<<<<

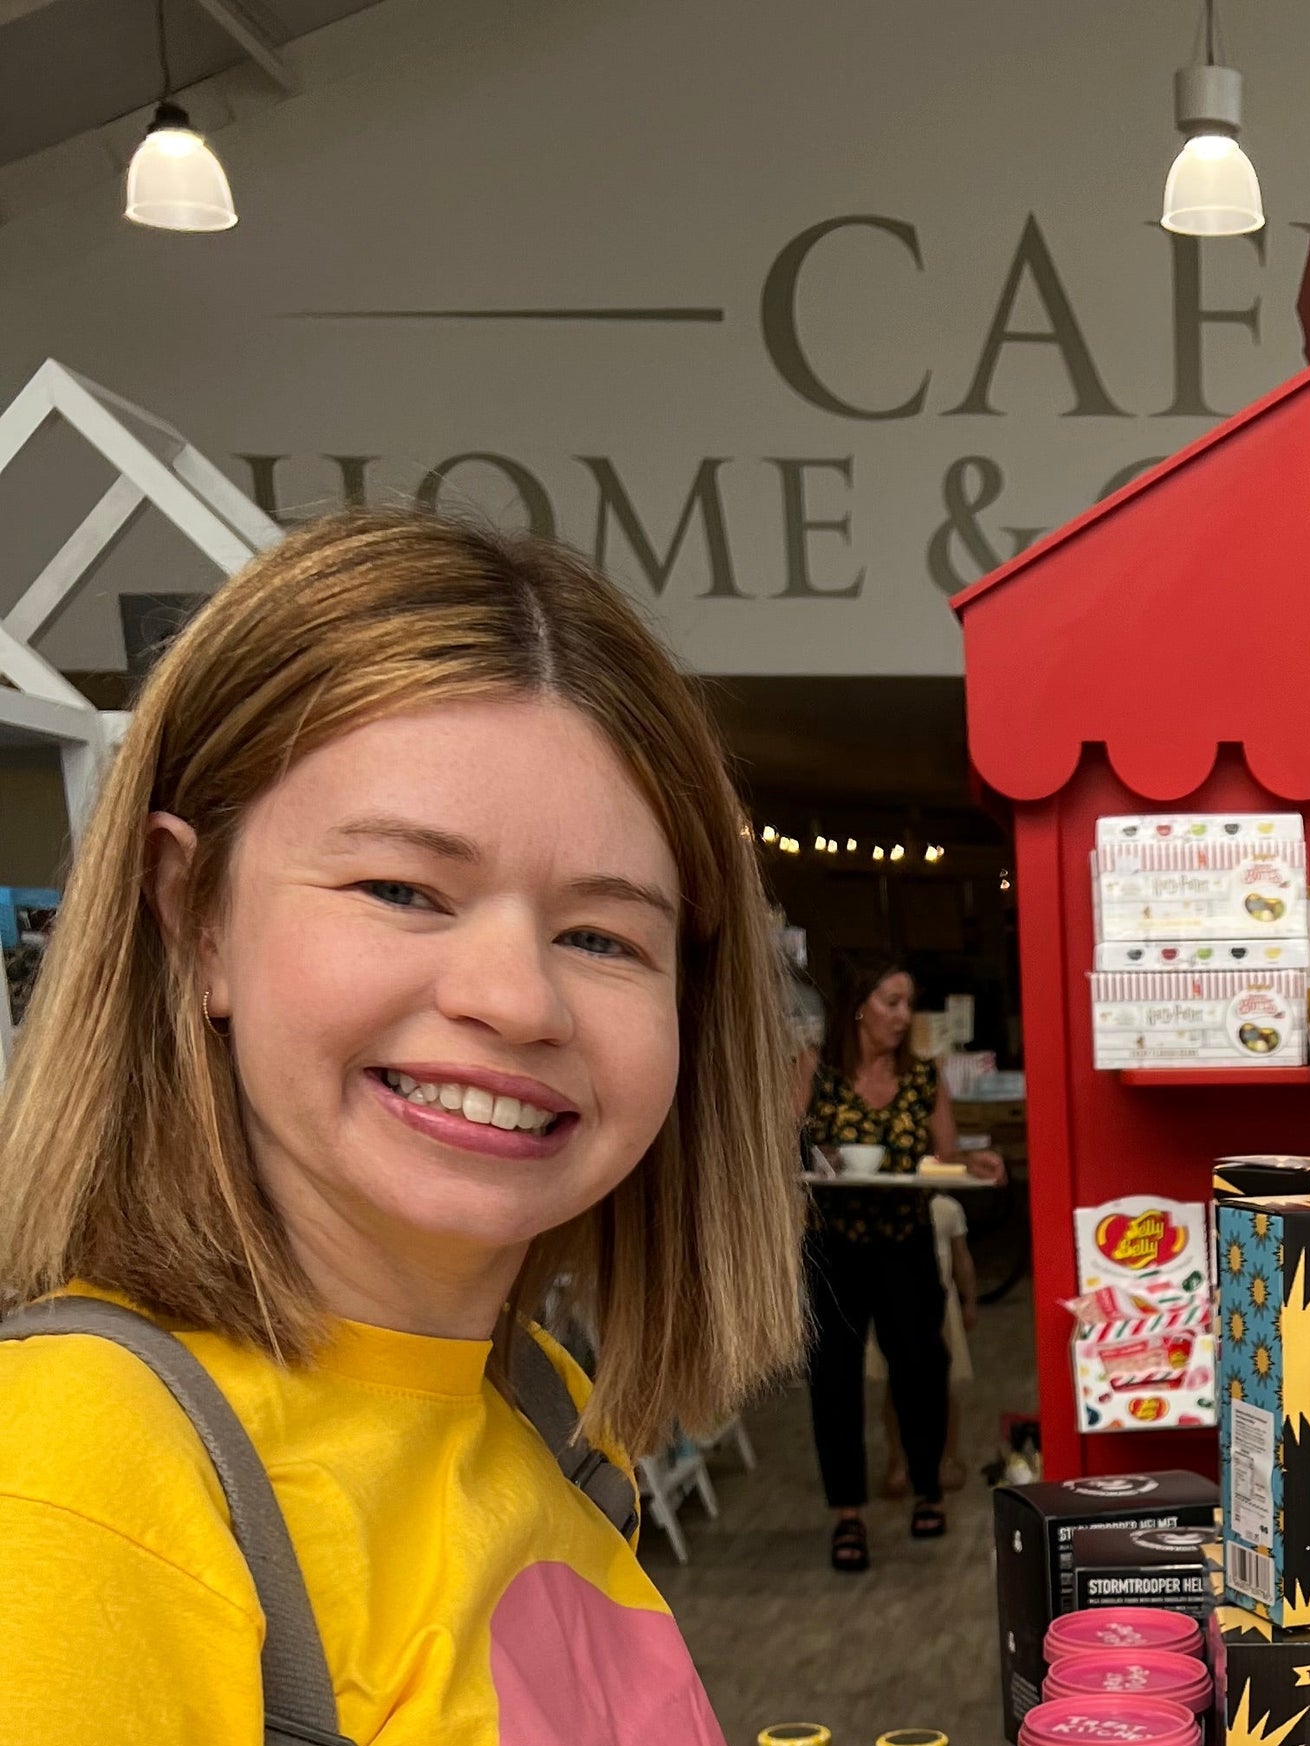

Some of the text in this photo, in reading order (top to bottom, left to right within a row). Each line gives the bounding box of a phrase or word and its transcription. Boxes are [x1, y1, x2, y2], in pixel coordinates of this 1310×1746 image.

[1088, 1577, 1203, 1595] STORMTROOPER HEL
[1066, 1715, 1147, 1732] TREAT
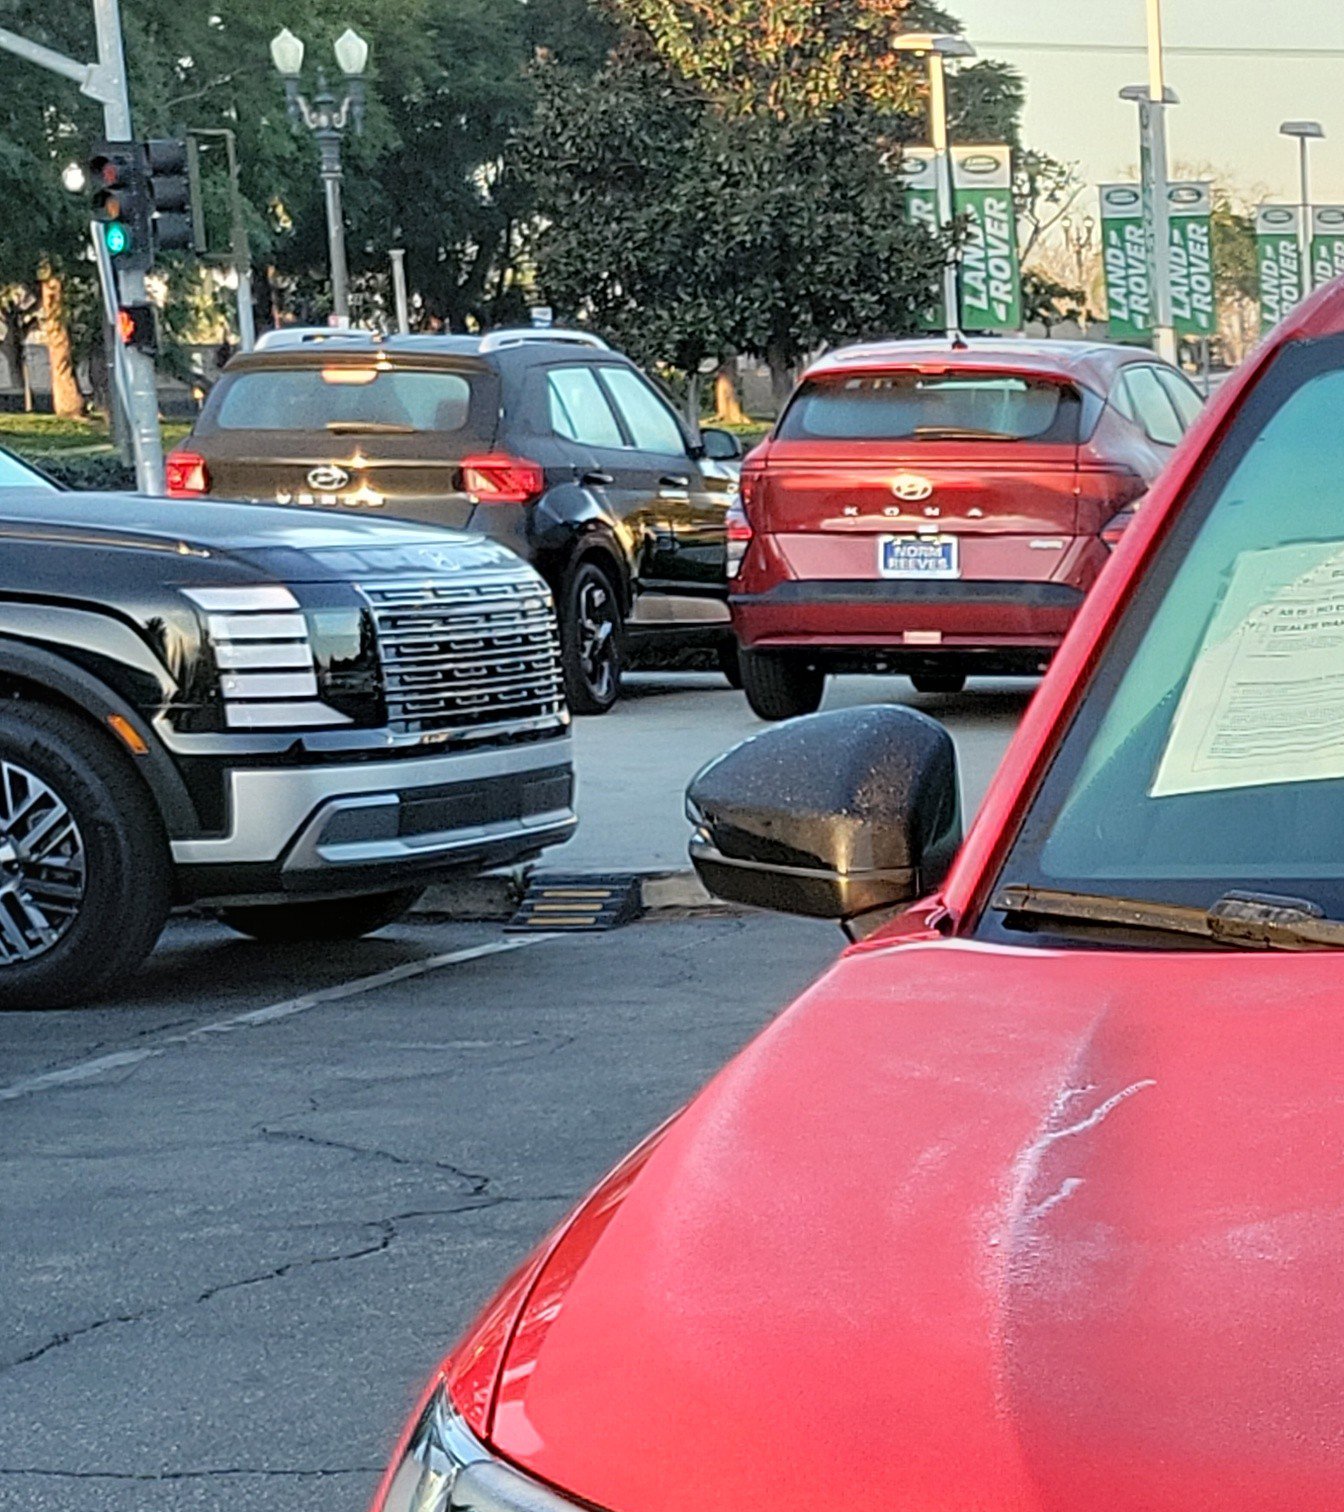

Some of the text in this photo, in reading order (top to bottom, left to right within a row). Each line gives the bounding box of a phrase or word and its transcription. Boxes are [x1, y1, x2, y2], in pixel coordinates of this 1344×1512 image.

[984, 197, 1012, 303] ROVER
[1106, 245, 1129, 321] LAND
[1125, 224, 1150, 315] ROVER
[1168, 245, 1191, 320] LAND
[1187, 222, 1212, 314] ROVER
[1261, 259, 1280, 322] LAND
[887, 557, 948, 570] REEVES
[893, 545, 943, 558] NORM
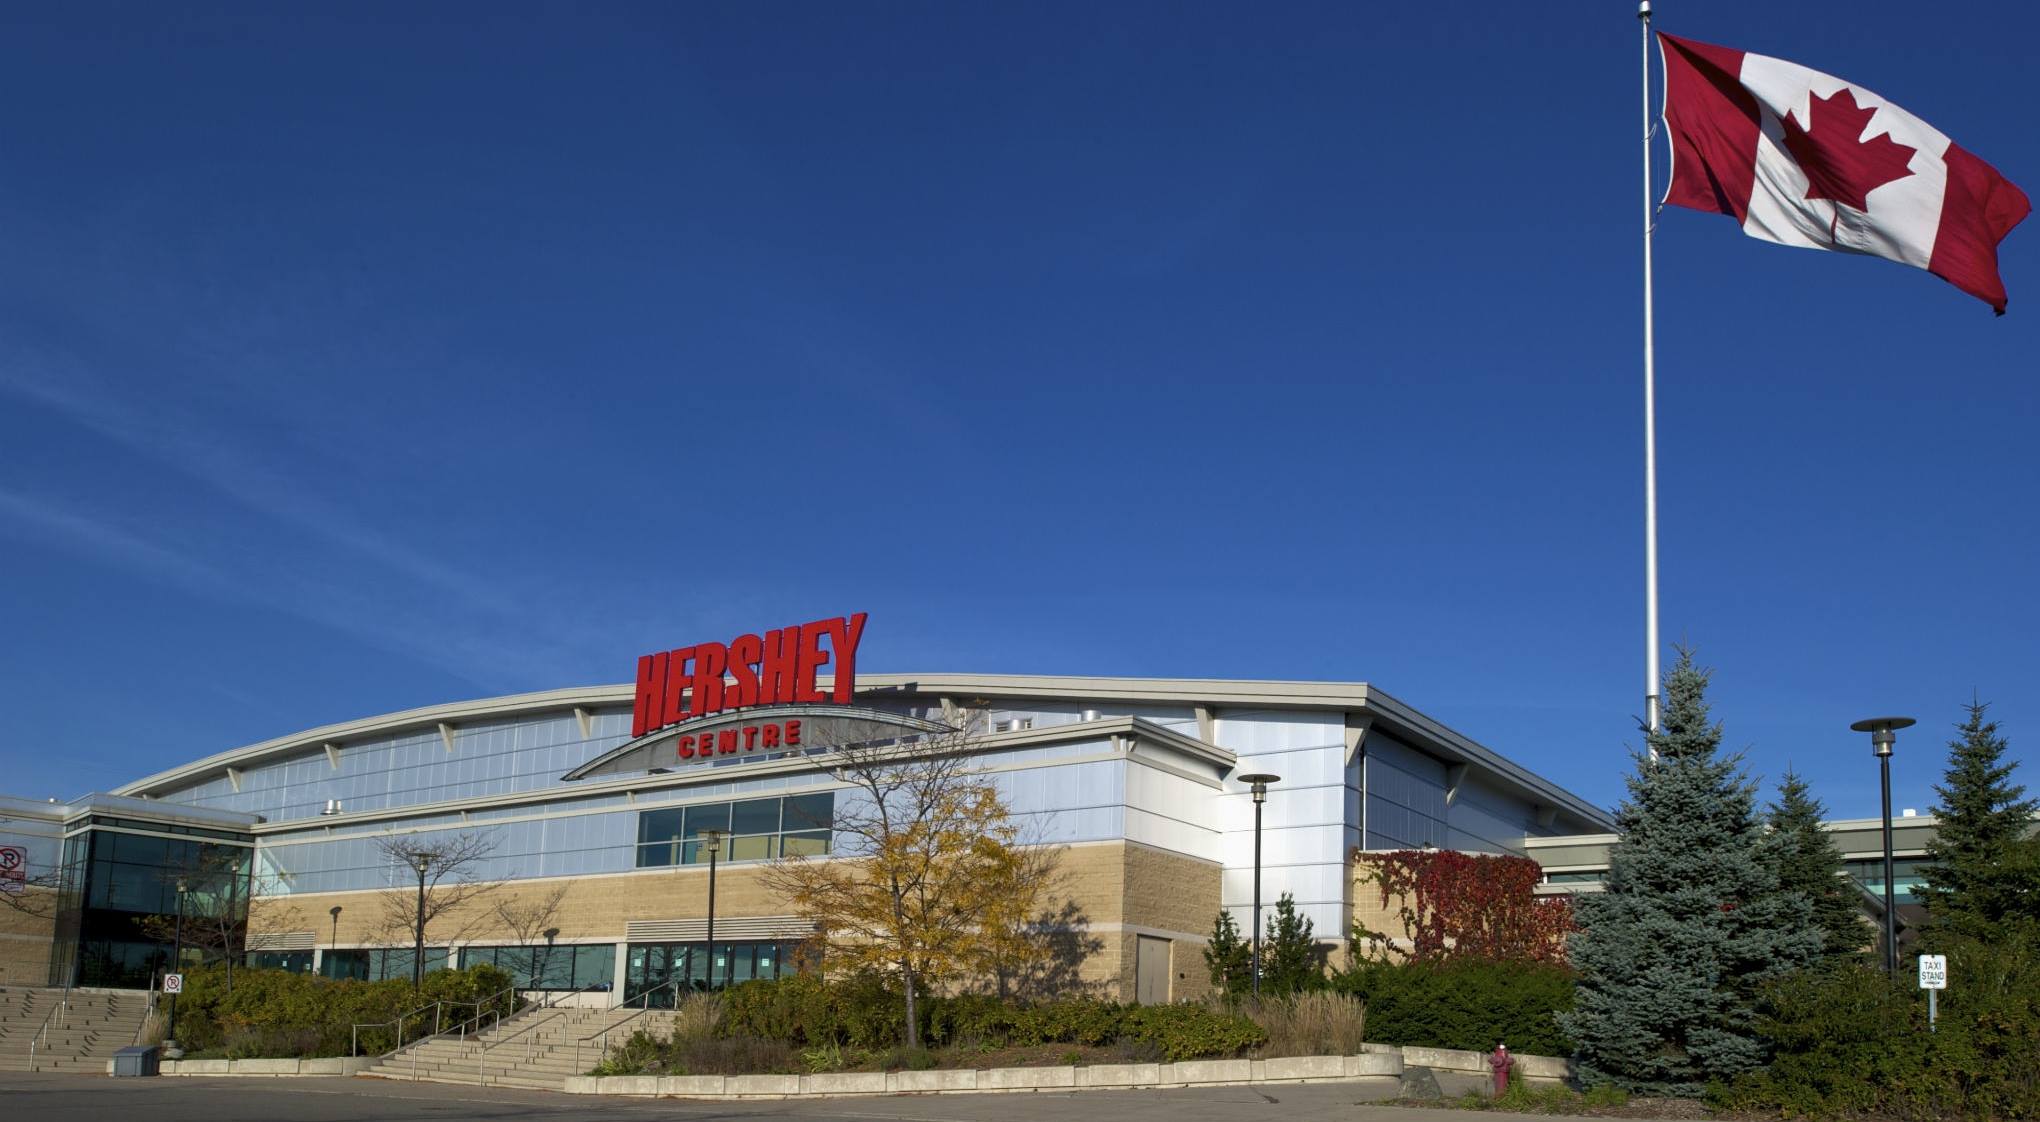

>>>>

The expected output is the lines from the line that contains "this 1344×1512 image." through the last line of the material, reproduced exactly, with both ends present and pictures absent.

Some of the text in this photo, in reading order (top to bottom, left to right within a row). Each line gives the bounding box of a phrase or word and its transcription. Boxes are [x1, y1, x2, y2], in pixel coordinates of this 1344×1512 image.

[984, 197, 1012, 303] ROVER
[1106, 245, 1129, 321] LAND
[1125, 224, 1150, 315] ROVER
[1168, 245, 1191, 320] LAND
[1187, 222, 1212, 314] ROVER
[1261, 259, 1280, 322] LAND
[887, 557, 948, 570] REEVES
[893, 545, 943, 558] NORM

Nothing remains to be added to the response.